IMPRISONMENT AFTER RELEASE
HOW FOREIGNERS FIND THEMSELVES BEHIND BARS DUE TO LOST DOCUMENTS
Since the start of the war, thousands of Ukrainians have become “refugees sur place”: news of the war reached them while they were in Russia. It’s dangerous for them to return to their homeland. Some of them have been able to get to third countries, while others remain in Russia. But there is another group of people who wound up trapped: ex-convicts. Their passports are often lost by the police or the Federal Penitentiary Service during the investigation or when they are transported to the penitentiary facilities where they serve their sentences. Once they finish serving their sentences, they don’t walk free but are moved from penal colonies to temporary detention centres for foreigners. Not everyone manages to break out of their new prison. Cherta recounts their stories as part of Memorial Human Rights Defence Centre’s project 30 Years Before.
Olga came to Russia from Ukraine in 2008. She didn’t plan to stay in Russia; she had come to make money. She needed to raise and educate her children: three of her own and two foster children who came to her family after her sister died. She worked as an administrator at a health clinic and met a man there in 2012. She fell in love. They started to live together, then got married. Five years later, Olga murdered her husband.

On that day, she returned from work tired. At home, she cooked dinner in the kitchen, boiling meat dumplings and chopping up salad. Two of her grandchildren were sitting in the room at the time. Her husband Pyotr was already drunk. He had undergone treatment for alcoholism but had fallen off the wagon and been drinking a lot in recent days.

He asked her for money to buy booze. Olga didn’t have any money. “Maybe I needed to leave the house, to go somewhere... But it was evening. The grandchildren were there and I didn’t have anywhere to go at the time,” Olga recalls.

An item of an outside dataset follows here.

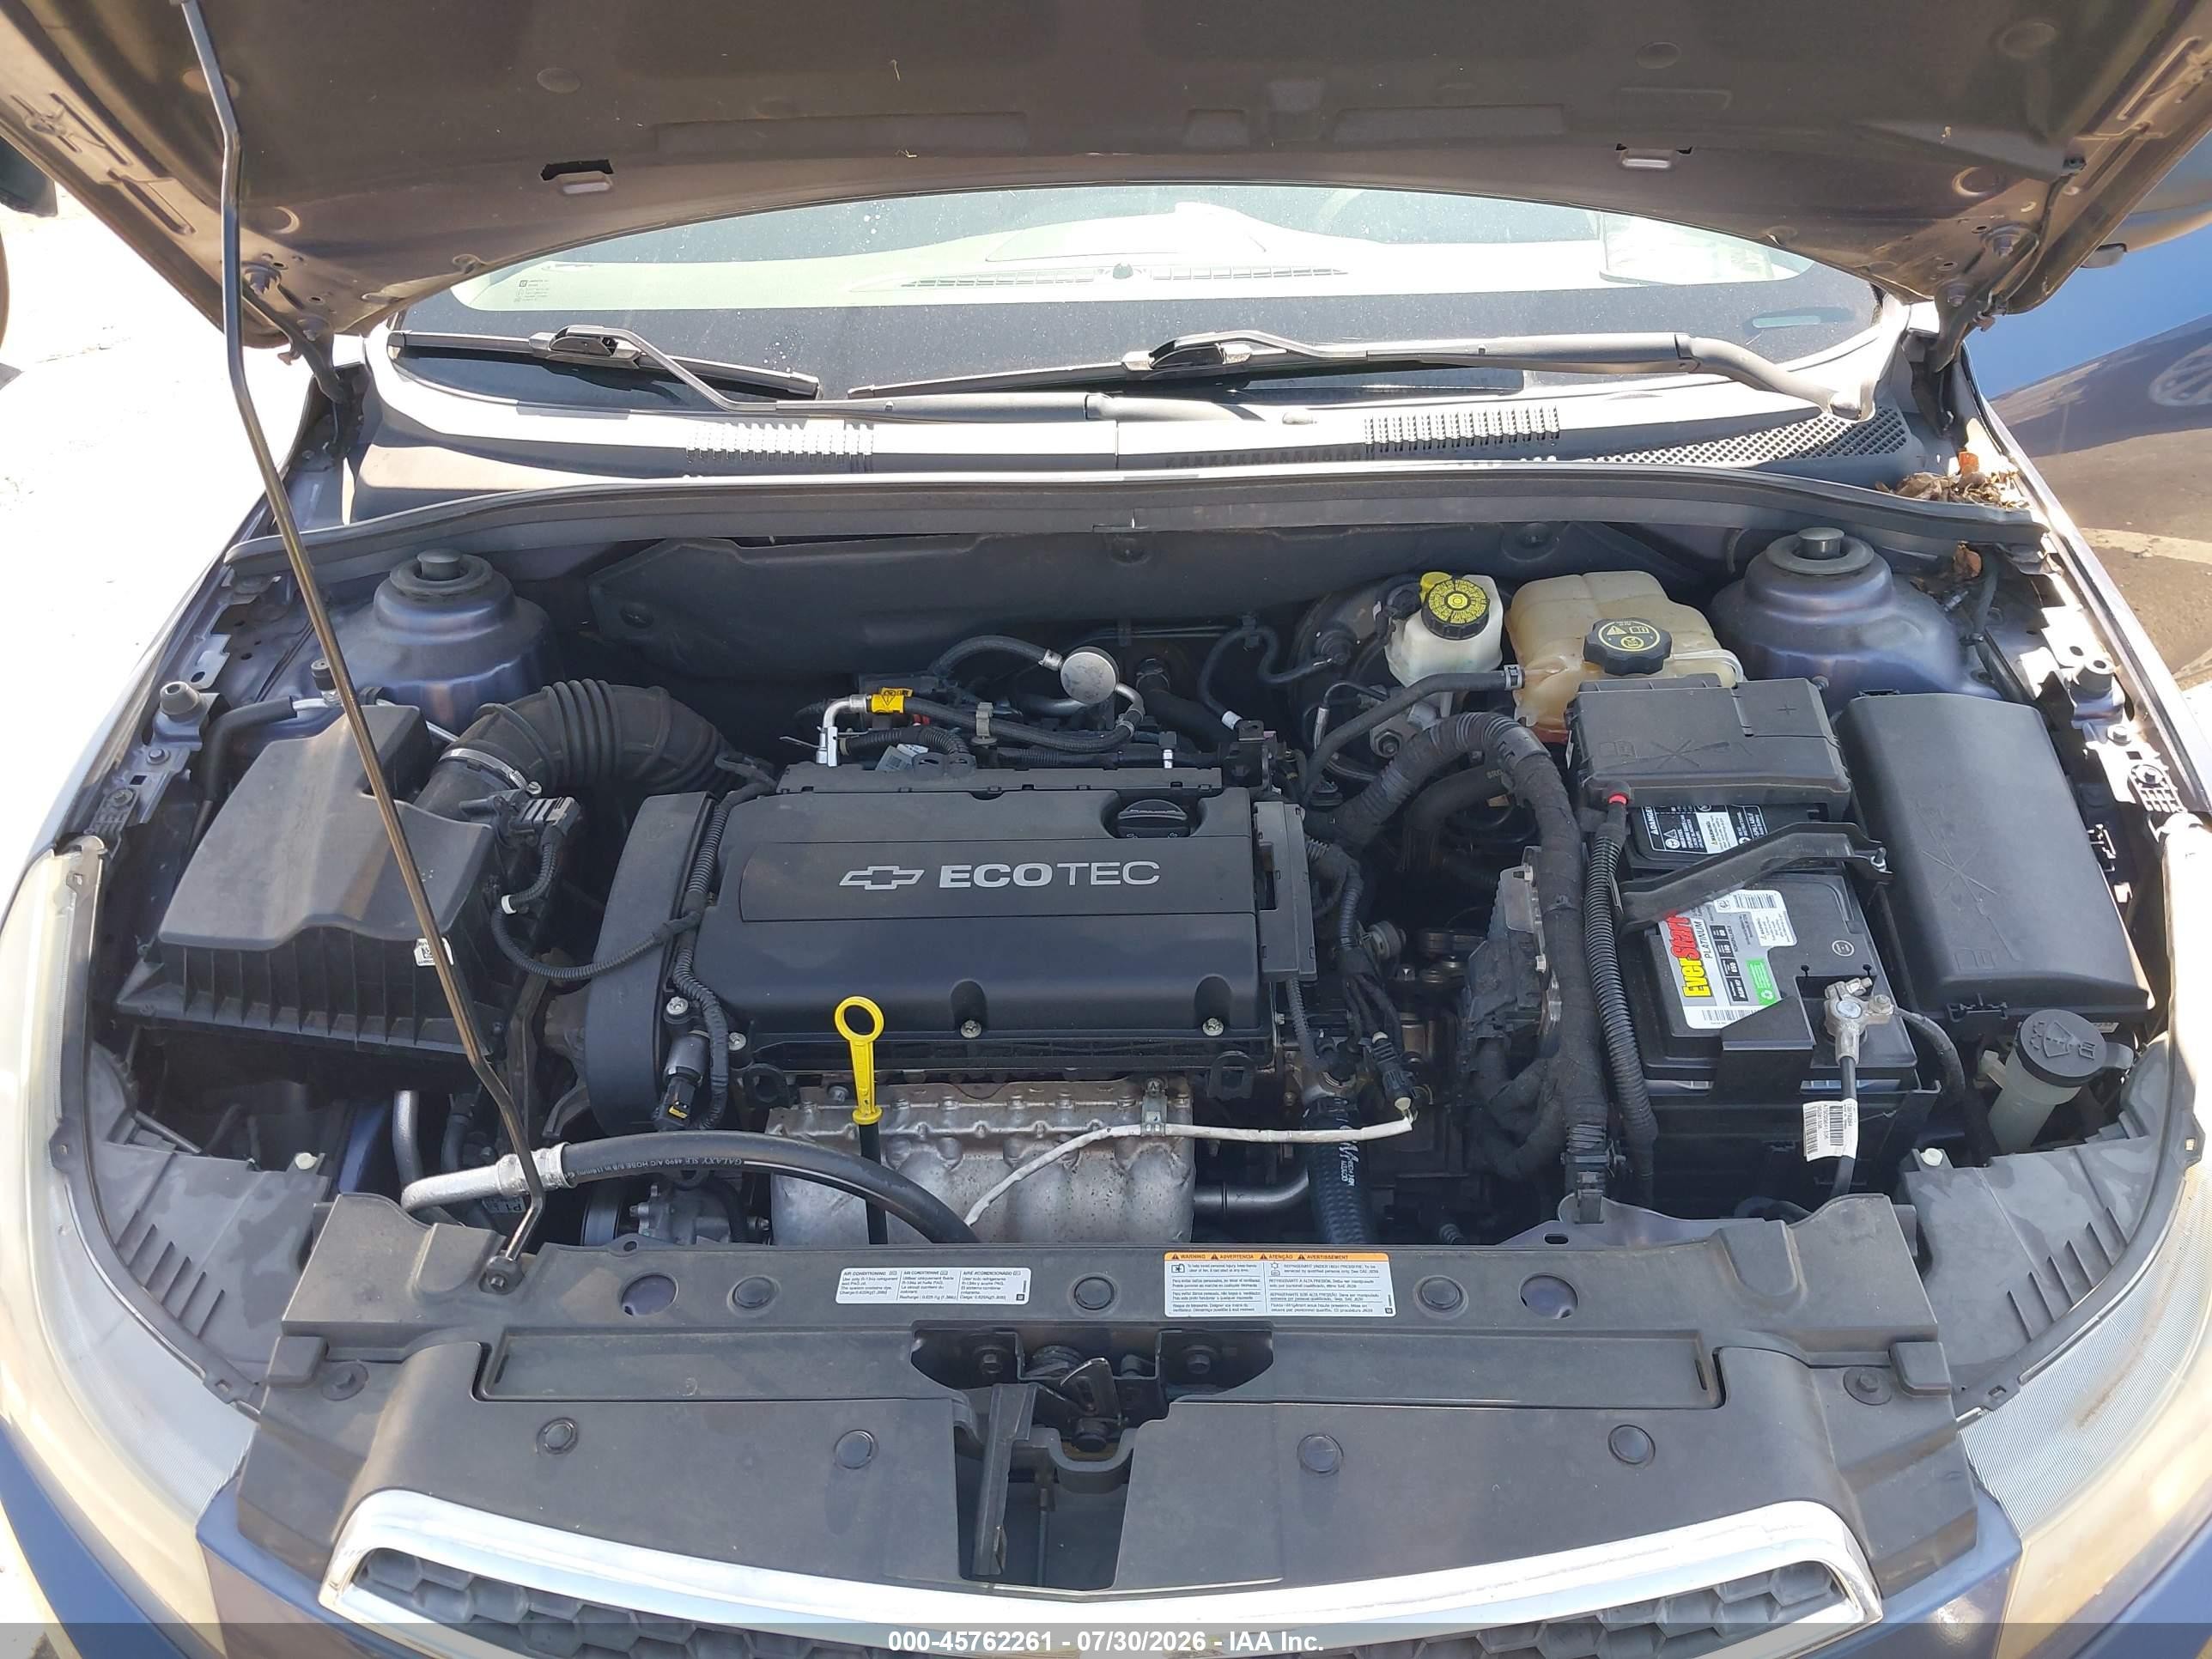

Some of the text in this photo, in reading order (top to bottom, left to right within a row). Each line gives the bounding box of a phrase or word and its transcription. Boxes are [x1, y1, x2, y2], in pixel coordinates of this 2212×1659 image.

[939, 860, 1160, 888] ECOTEC
[1693, 921, 1713, 960] PLATINUM
[702, 1157, 742, 1166] GALAXY

Olga tried to calm her husband down and feed him. He reacted by attempting to beat and strangle her. She doesn’t remember how it all happened, how the knife ended up in her hand, how she wounded her husband as she tried to defend herself. Pyotr was still alive when the ambulance arrived. He died in hospital.

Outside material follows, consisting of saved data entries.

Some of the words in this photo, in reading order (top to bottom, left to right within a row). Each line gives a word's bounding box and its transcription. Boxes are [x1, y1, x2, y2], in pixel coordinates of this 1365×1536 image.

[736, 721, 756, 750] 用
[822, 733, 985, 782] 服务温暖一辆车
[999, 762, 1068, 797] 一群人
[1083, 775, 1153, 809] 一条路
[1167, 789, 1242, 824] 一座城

“The worst thing is that I lost a really dear person. It’s difficult to recall. It’s scary. But I got through it,” she says.

She was convicted of negligent manslaughter, as punishable under Article 111.4 of the Russian Criminal Code. There was no mention of self-defence, but considering the details of the case and Olga’s good character references, she was given the shortest sentence possible (as the judge told her when the verdict was read out): five years in prison. Actually, there is no lower sentence limit under this article, only an upper one, a maximum of 15 years. But the judge likely followed established practice.

Olga did her time in a women’s penal colony in central Russia. “I thought I would be released… My kids bought me a little house in the Krasnodar Territory near my sister. They said, ‘Mom, when you get out you will live near your sister. She will be with you.’ I thought everything would be over in five years. And that the trouble would be over.”
Murder and penal colony
The story of Olga’s imprisonment was only beginning. Later, she would again wind up behind bars, but indefinitely and entirely not guilty.

When the ambulance had taken Olga’s husband away, she herself was taken for a medical examination to test her blood for alcohol and drugs (which weren’t discovered) and for an interrogation. At the examination, she wasn’t looked over for signs of battery, although the people who brought her in had seen that her husband had been drunk. She herself didn’t look like a murderer and said right away that she had cut her husband by accident trying to defend herself. “I even still had bruises where he had tried to strangle me,” Olga says.

During the interrogation, the female investigator asked Olga about her citizenship. “I immediately handed over my Ukrainian passport. I don’t know at what stage it was later lost, but I never saw it again.” Since then, a report of her lost passport and an old copy of the passport have been Olga’s only documents.

Having spent exactly five years incarcerated, Olga was released from the penal colony in 2023, during the war in Ukraine. But she did not gain her freedom. Instead, she was transferred straight from the penal colony to a temporary detention centre for foreign nationals.

In Russia, foreigners who are released from prison are deemed so-called undesirables, explains Stefania Kulaeva, an expert at the Memorial Anti-Discrimination Centre. Previously, when a Ukrainian who was in Russia lost their documents and wound up in the detention centre, Moscow would try to contact Kyiv to confirm their citizenship and send the person back to Ukraine.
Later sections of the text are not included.